You Were Born Of… – Part Five
Free Verse Story
When I died, I mean when they killed me, there were no bright tunnel lights, no singing angels sitting on fluffy clouds strumping harps, no rough necked thugs, no heaven and no hell.
I died with the wrong ones touching and handling me in meanness and malice.
All the while they were laughing at me in their sick mockings, I was thinking that they must have been His servants, you know, Him, the first great trickster, the illusionist, the master of all that is wrong in the world and who was thrown from up above.
The fallen one who is only spoken about in hushed halls and who is invisible to the naked eye but who manisfest Himself
in the hearts of men, the author of vainity and of all vain deeds.
My dying was too much, too painful.
I somehow passed beyond the bruising and misery and my being was transported at death into blissful nothingness.
There, in that odd, unknown dimension, where there was no more taunting pain, no more chaotic, menacing madness from the Decepticons, no rebirth or metamorphorsis into superwoman or into a dog or a piece of granite rock.
I would never be an Inca sun maiden,
sacrificed on a Mayan blood pyramid.
Of course, behind that veil was no nirvana, the band or the Buddha or anything else but a fading to peaceful blackness.
It was lights and sounds out for me.
I later found that I was not prepared for the experience of living or for dying.
Dying isn’t an easy thing.
It was not as simple as closing ones eyes and whamo, suddenly arriving at the Pearly Gates or at a waiting room like peragotry or any kind of middle passageway for the soul where the Big
three themselves hands down their final, eternal decisions.
No, I didn’t fall or land in any nexus or limbo space where Captain Jon Luke Percard was figuring out an unfathomable exit route but rather I lay in unbearably hurt and after a few moments, I fell over into nothingness.
Alone, I bled and bled away my time without anesthesia, strong drink or an opiate.
After an eternity of time, in the darkness of everything, I heard the sound of voices from some far off galaxy.
At first the noise or the sound was too distant to make out but then when it came near I guess to where I lay in the watery bathroom, my tomb, the voices
seemed familiar.
But I for my part, could not even lift my fingertip or open my eyelids to behold them for I was lost in that midnight of the soul.

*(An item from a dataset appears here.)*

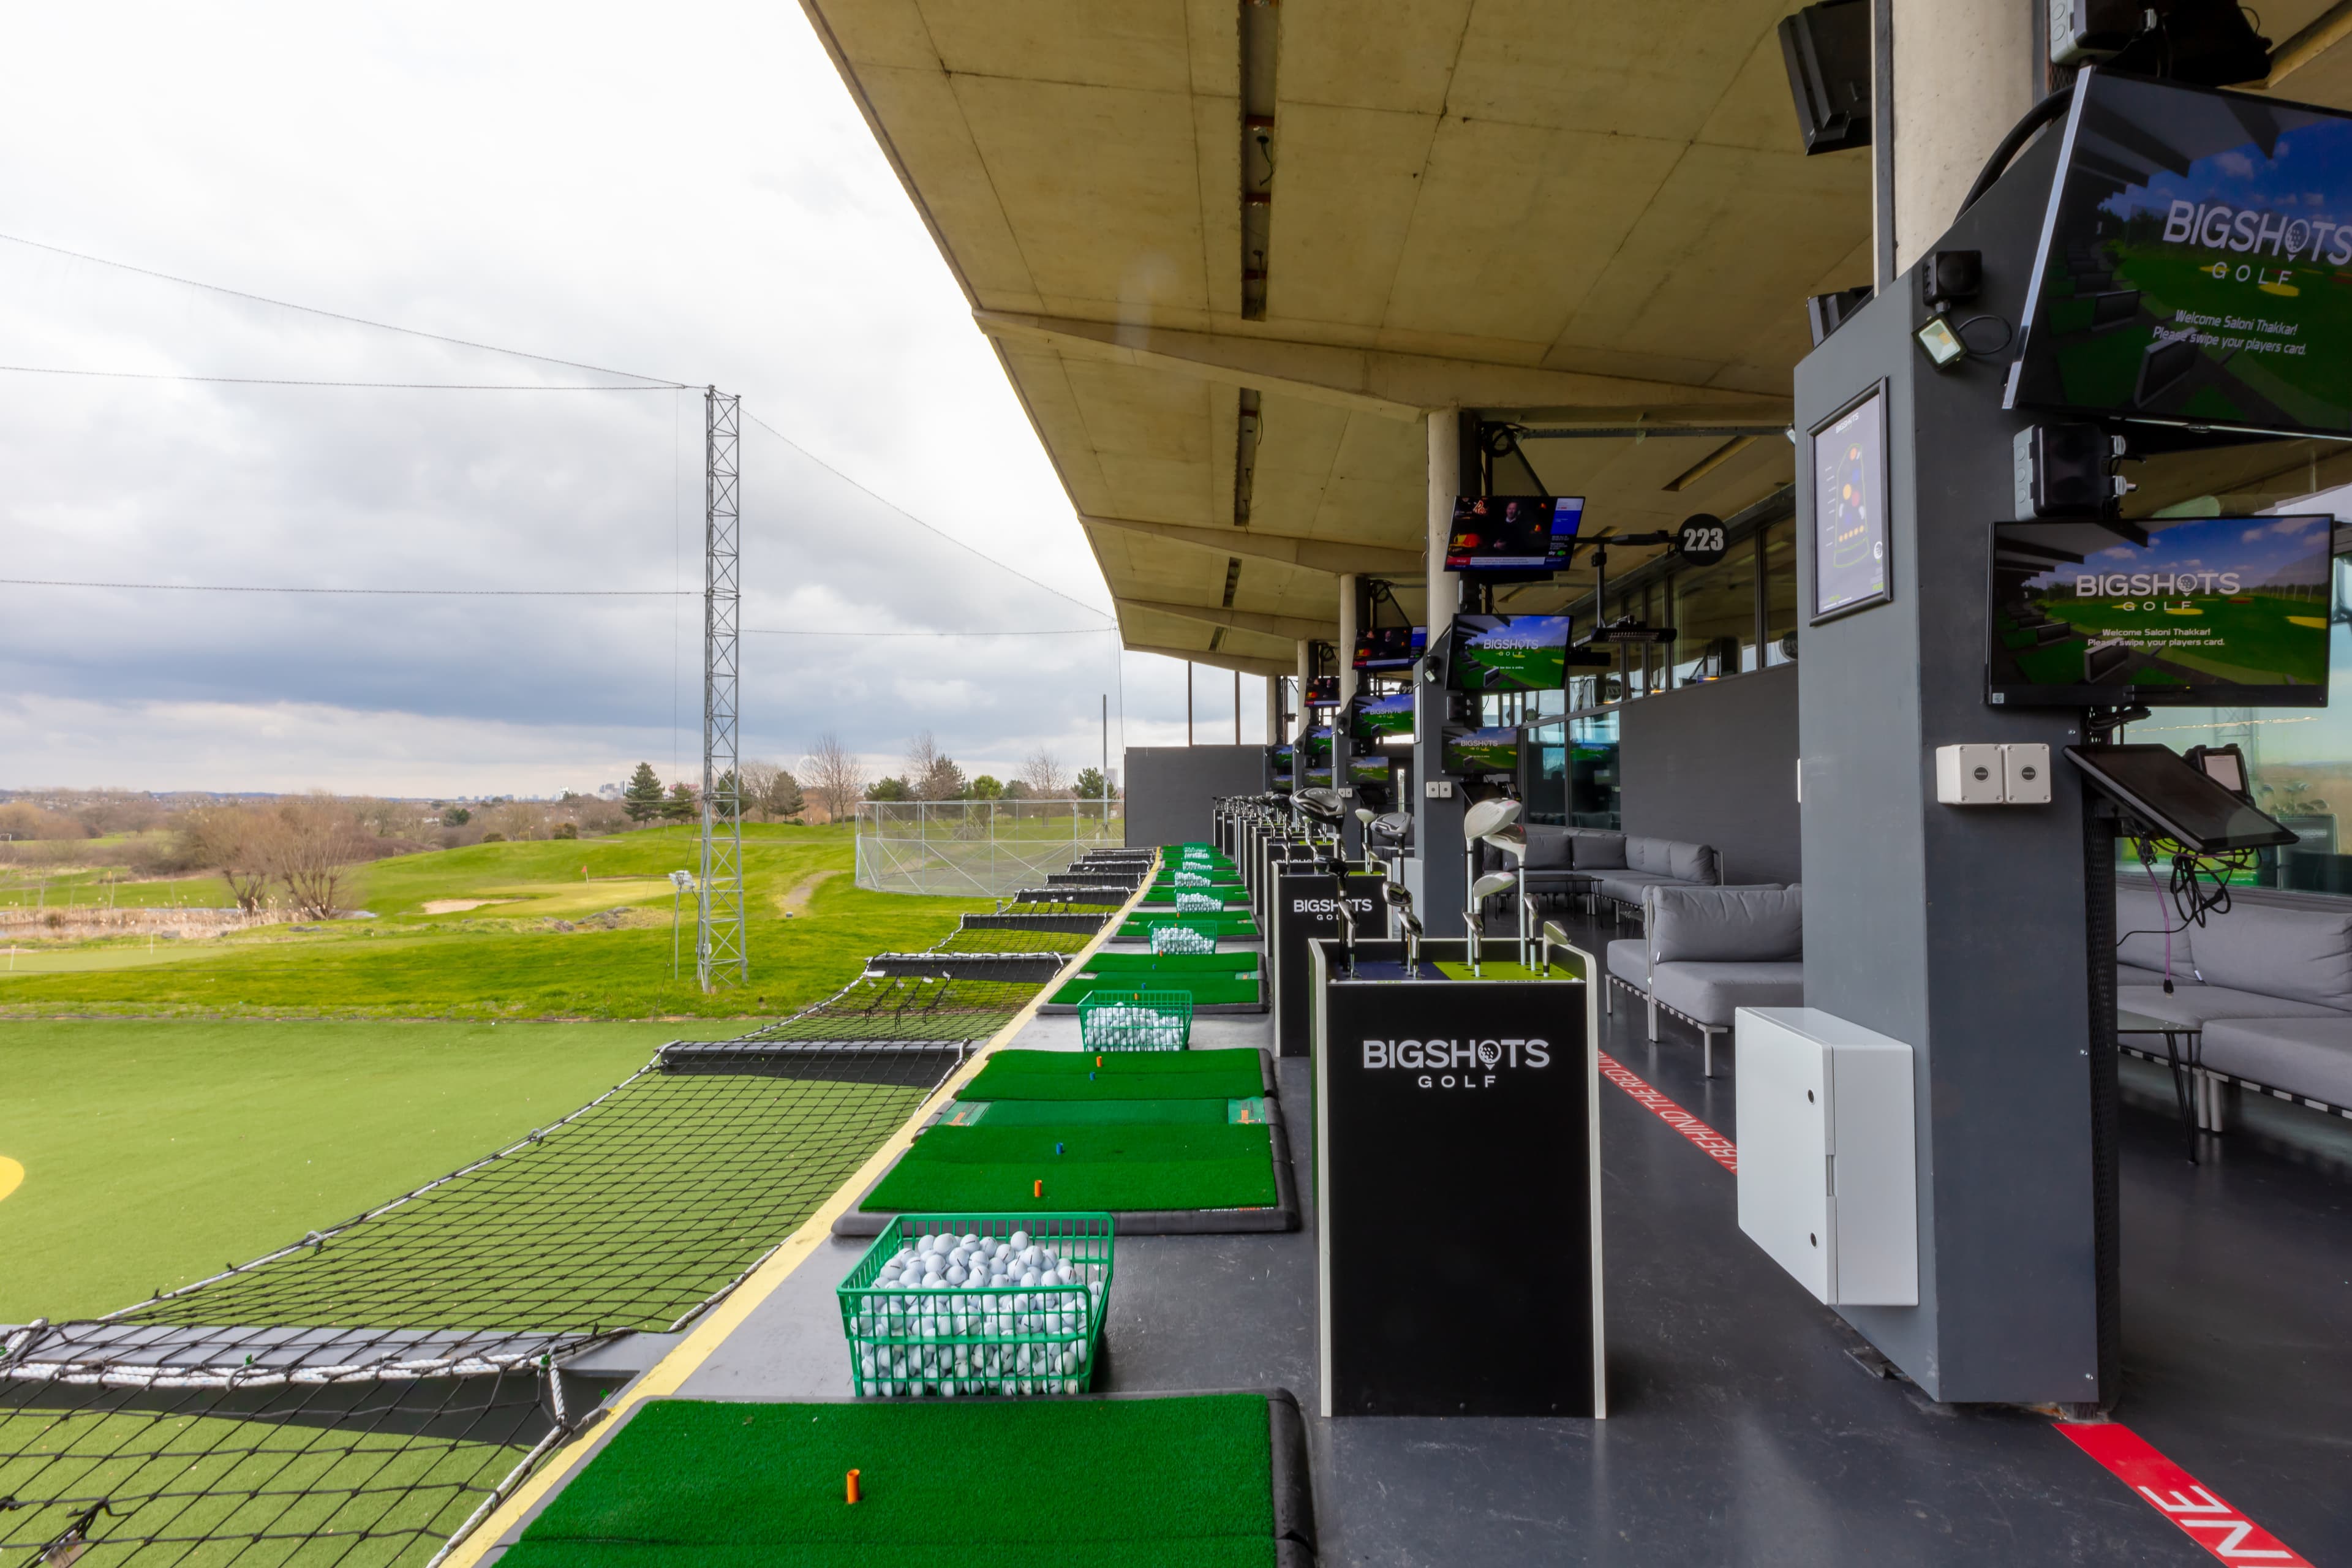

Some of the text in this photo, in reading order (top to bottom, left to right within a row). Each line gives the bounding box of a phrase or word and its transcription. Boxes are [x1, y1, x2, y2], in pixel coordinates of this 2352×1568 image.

Again, again, the voices of my familiars called to me but I couldn’t answer from so far a distance.
I heard them calling to me in panicky alarm but a barrier lay between them and me like the gulf of Abraham and rich man, I couldn’t answer their calls.
Intermittently, voices and sounds pierced the darkness to no avail for I had
passed over to parts unknown and not before traveled.
All I really know is that, when I finally awoke, everything had changed and the root, the cause, the green eyed invidia, Schenphendreare had destroyed both,
the beholders and the object or people of their own lust.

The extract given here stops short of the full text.